* _AIM OF THE TASK_:
For each record below, set it down exactly but leave out any picture.

Text-to-region grounding data
= = = =

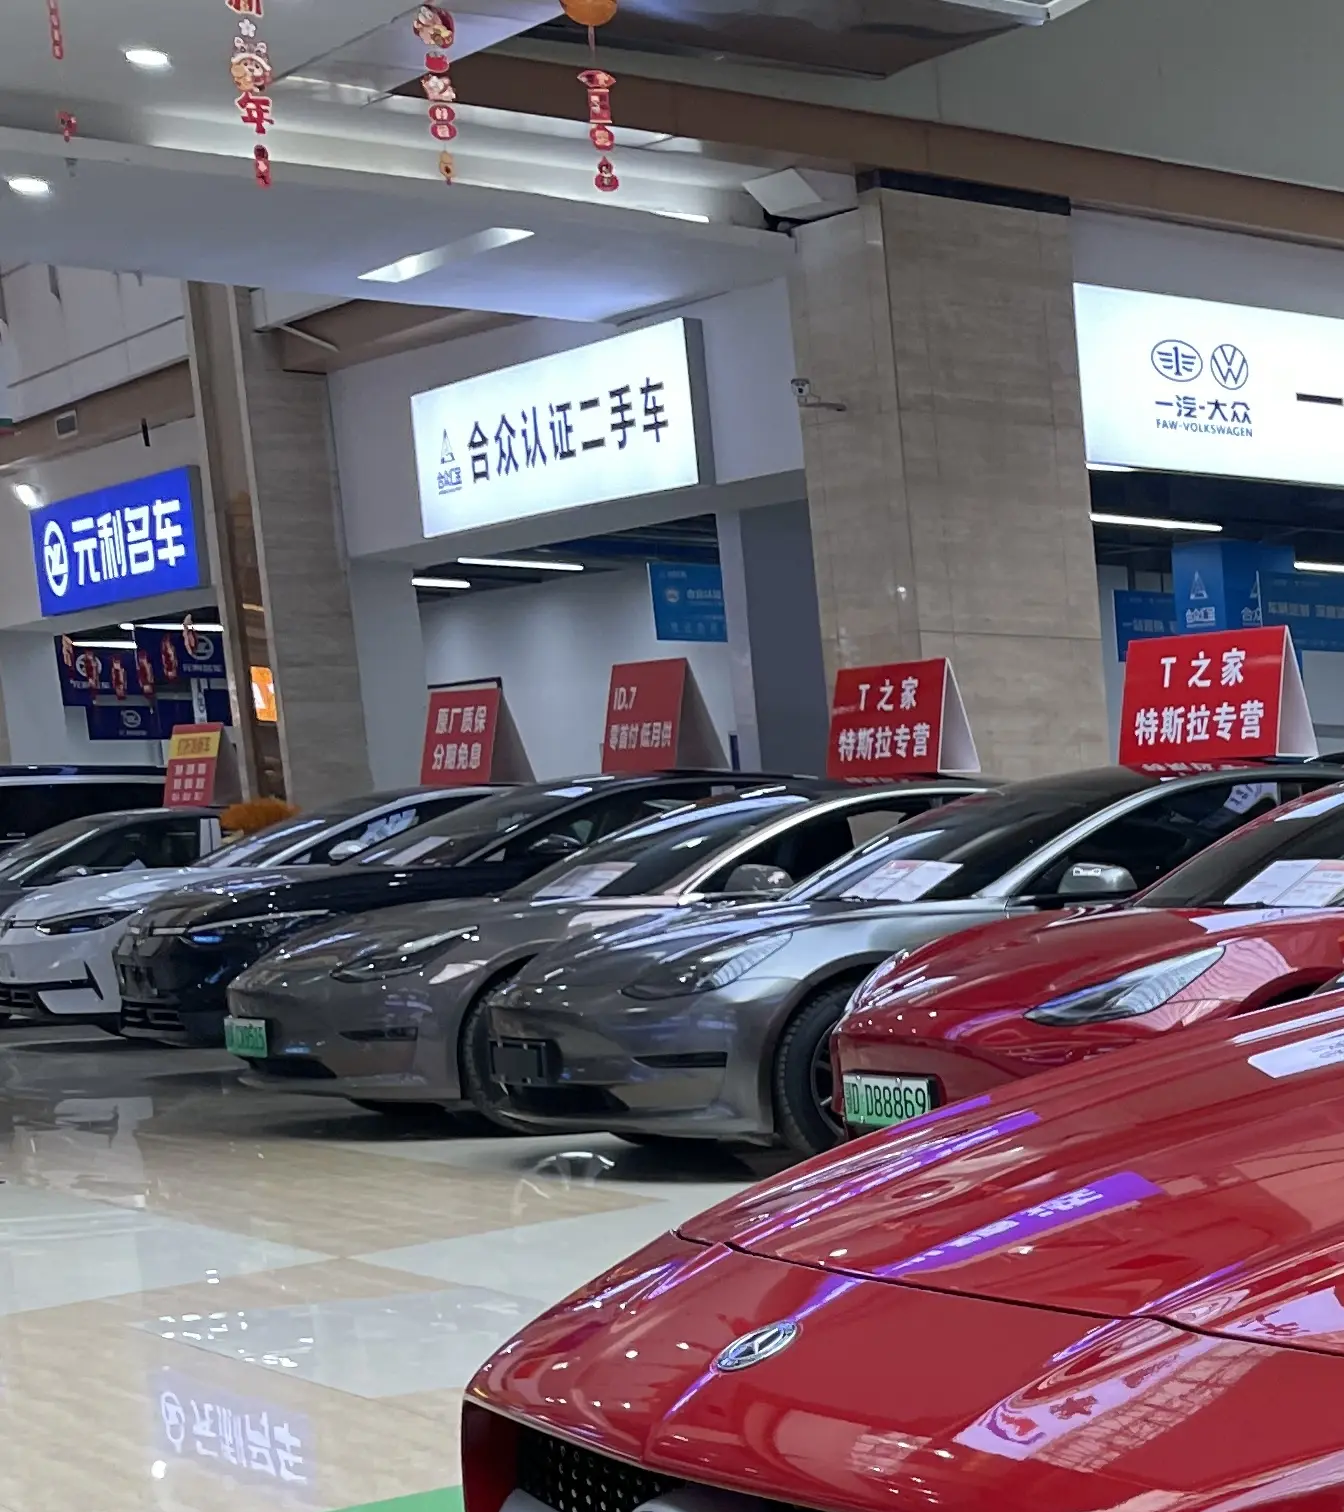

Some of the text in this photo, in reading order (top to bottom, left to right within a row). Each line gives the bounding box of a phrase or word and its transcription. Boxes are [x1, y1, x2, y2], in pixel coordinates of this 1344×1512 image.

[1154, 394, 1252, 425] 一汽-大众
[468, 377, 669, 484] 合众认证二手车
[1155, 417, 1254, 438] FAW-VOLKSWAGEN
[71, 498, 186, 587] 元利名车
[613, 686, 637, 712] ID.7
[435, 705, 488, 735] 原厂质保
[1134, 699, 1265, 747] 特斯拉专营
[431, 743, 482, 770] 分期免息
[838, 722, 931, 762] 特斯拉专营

= = = =

* _SOLVED EXERCISE_:
Some of the text in this photo, in reading order (top to bottom, left to right within a row). Each line gives the bounding box of a phrase or word and its transcription. Boxes are [x1, y1, x2, y2], in pixel coordinates of this 1344×1512 image.

[1154, 394, 1252, 425] 一汽-大众
[468, 377, 669, 484] 合众认证二手车
[1155, 417, 1254, 438] FAW-VOLKSWAGEN
[71, 498, 186, 587] 元利名车
[613, 686, 637, 712] ID.7
[435, 705, 488, 735] 原厂质保
[1134, 699, 1265, 747] 特斯拉专营
[431, 743, 482, 770] 分期免息
[838, 722, 931, 762] 特斯拉专营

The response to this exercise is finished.